Wie die deutsche Bezeichnung Verkleinerungsform bereits andeutet, beschreibt der Diminutiv ein besonders kleines Exemplar eines Gegenstands oder Lebewesens. Zumindest in seiner Grundbedeutung. Es gibt noch einige weitere Verwendungen des Diminutivs, auf die wir im nächsten Artikel eingehen werden.
In diesem Artikel befassen wir uns mit der Bildung des Diminutivs.
Wie wird ein Diminutiv gebildet?
In der Regel wird der Diminutiv gebildet, indem man ein Suffix bzw. eine Nachsilbe an ein Nomen hängt, wie zum Beispiel:
- das Pferd → das Pferdchen
- die Katze → das Kätzlein
- der Sack → das Sackerl
Wie du beim zweiten Beispiel siehst, kann es auch vorkommen, dass sich Vokale zu Umlauten ändern (in diesem Fall a → ä) und die Endung weggelassen wird (in diesem Fall entfällt das e). Diese Besonderheiten schauen wir uns gleich der Reihe nach an.
Da der Diminutiv kleine Gegenstände und Lebewesen bezeichnet, leitet er sich fast immer von einem Nomen ab. Eine Ausnahme scheint das Wort bisschen zu sein, das entweder als Pronomen oder Adverb verwendet werden kann.
Historisch gesehen handelt es sich dabei jedoch um den Diminutiv des Nomens der Bissen. In seiner ursprünglichen Bedeutung bezeichnet der Begriff also eine besonders kleine Menge, die gerade einmal so groß ist wie „ein kleiner Bissen“.
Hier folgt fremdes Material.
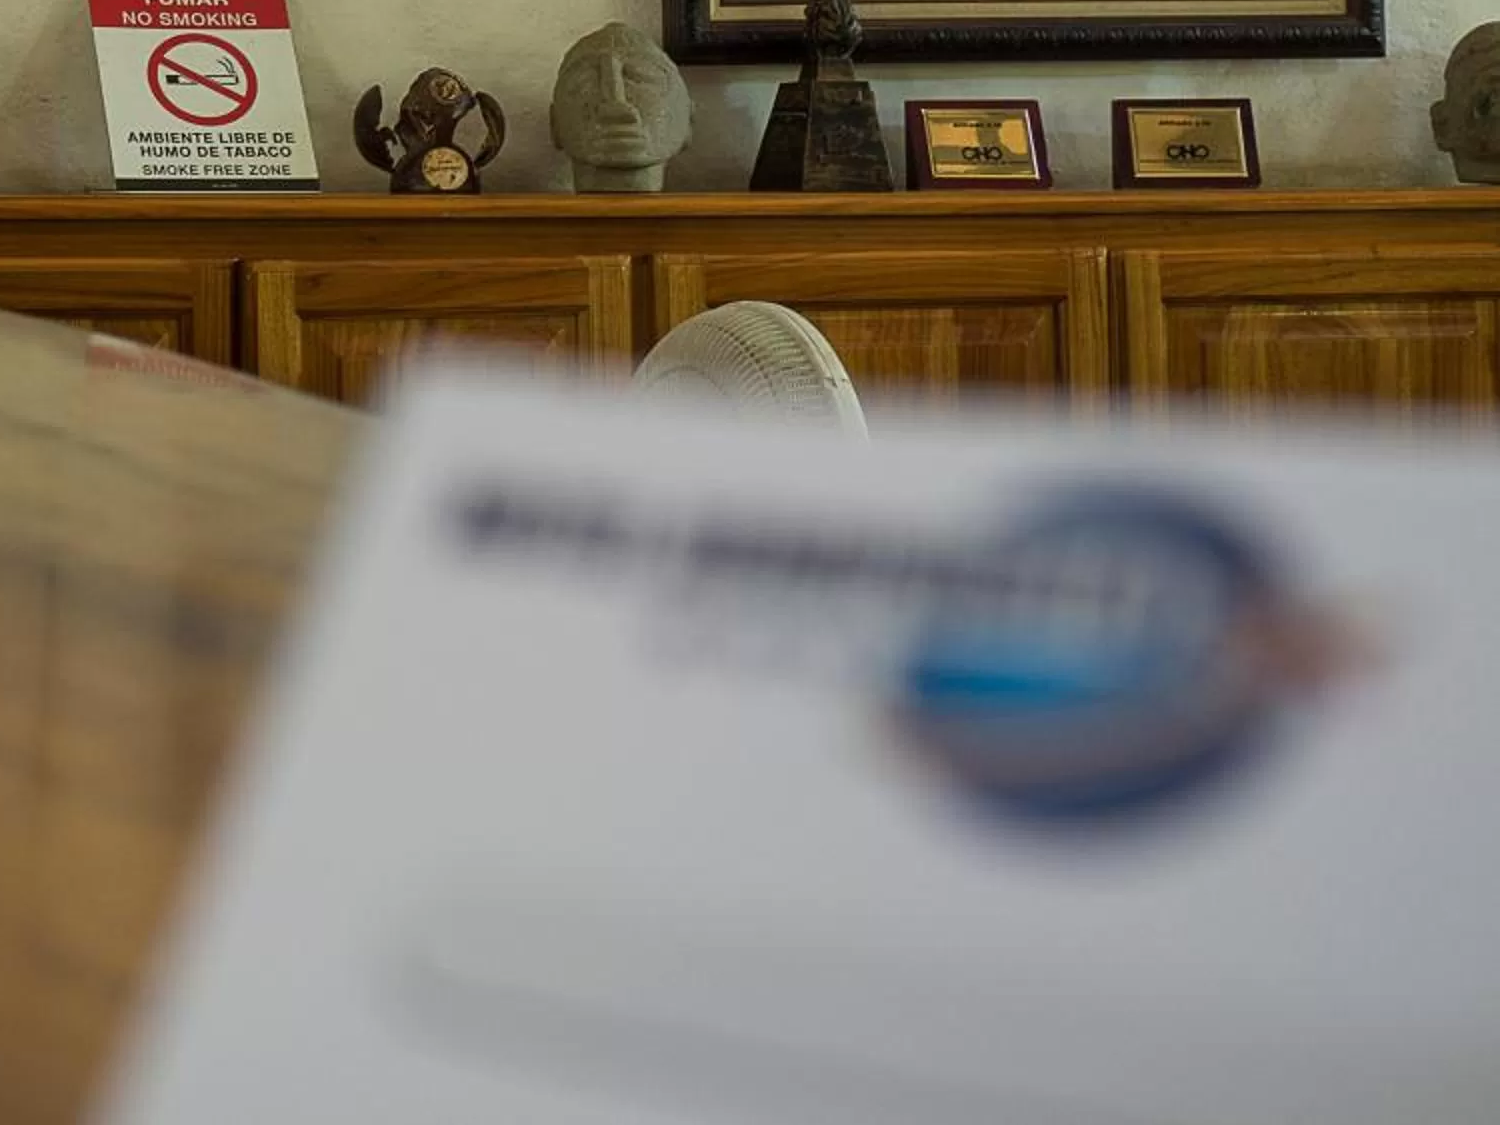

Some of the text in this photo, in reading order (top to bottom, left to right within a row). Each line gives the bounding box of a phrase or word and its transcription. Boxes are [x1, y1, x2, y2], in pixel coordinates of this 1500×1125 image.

[122, 11, 258, 26] NO SMOKING
[127, 131, 296, 144] AMBIENTE LIBRE DE
[140, 146, 292, 158] HUMO DE TABACO
[142, 164, 292, 176] SMOKE FREE ZONE
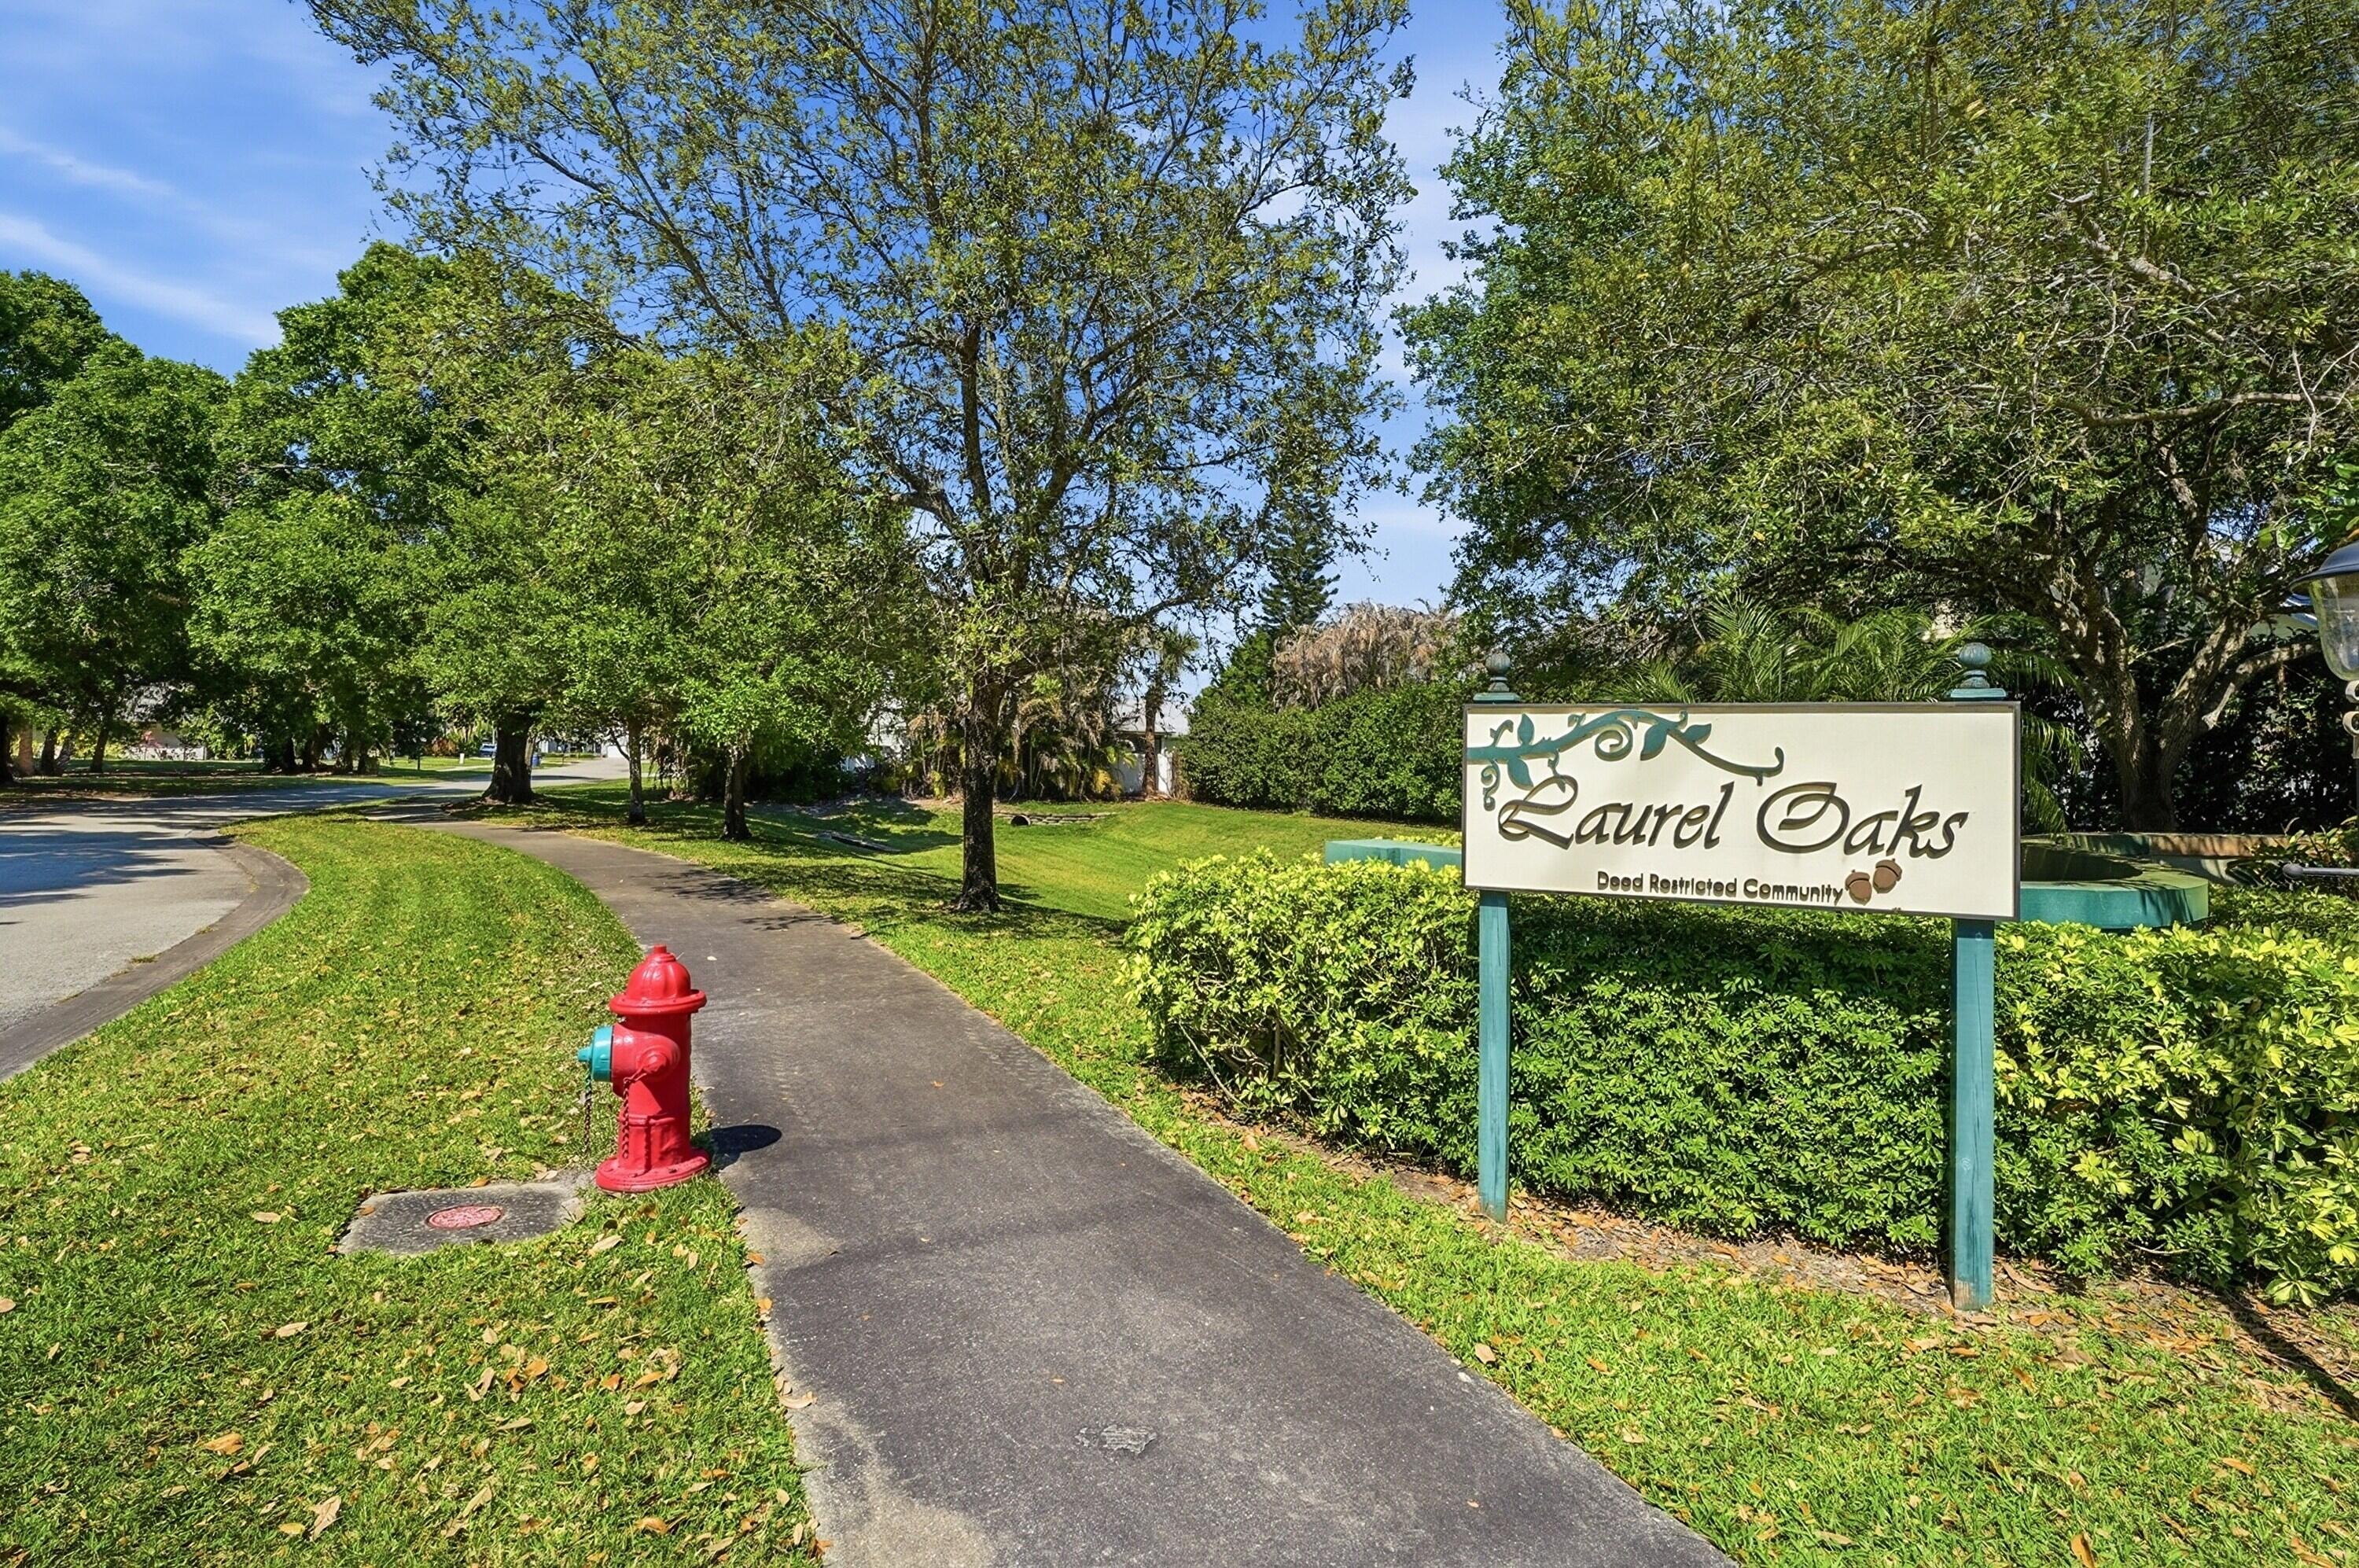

Diminutiv von Personennamen
Auch von einigen Vornamen kann man den Diminutiv bilden, um entweder auf ihr junges Alter oder eine enge Beziehung zu dieser Person hinzuweisen. Zum Beispiel:
- Hans → Hänschen
- Pauline → Paulinchen
- Marie → Mariechen
Es ist jedoch zu beachten, dass die Bildung des Diminutivs nicht bei jedem, sondern nur bei bestimmten Vornamen üblich ist. Bei vielen Vornamen würde der Diminutiv eigenartig klingen. Kaum jemand würde Danielchen oder Christophchen sagen.
Anhängen von Suffixen
In der deutschen Schriftsprache verwendet man zur Bildung des Diminutivs meist das Suffix chen und lein, in Österreich zudem auch erl. Es gibt noch eine Vielzahl anderer Diminutivendungen, die jedoch hauptsächlich in Dialekten verwendet werden und auf die hier nicht näher eingegangen wird.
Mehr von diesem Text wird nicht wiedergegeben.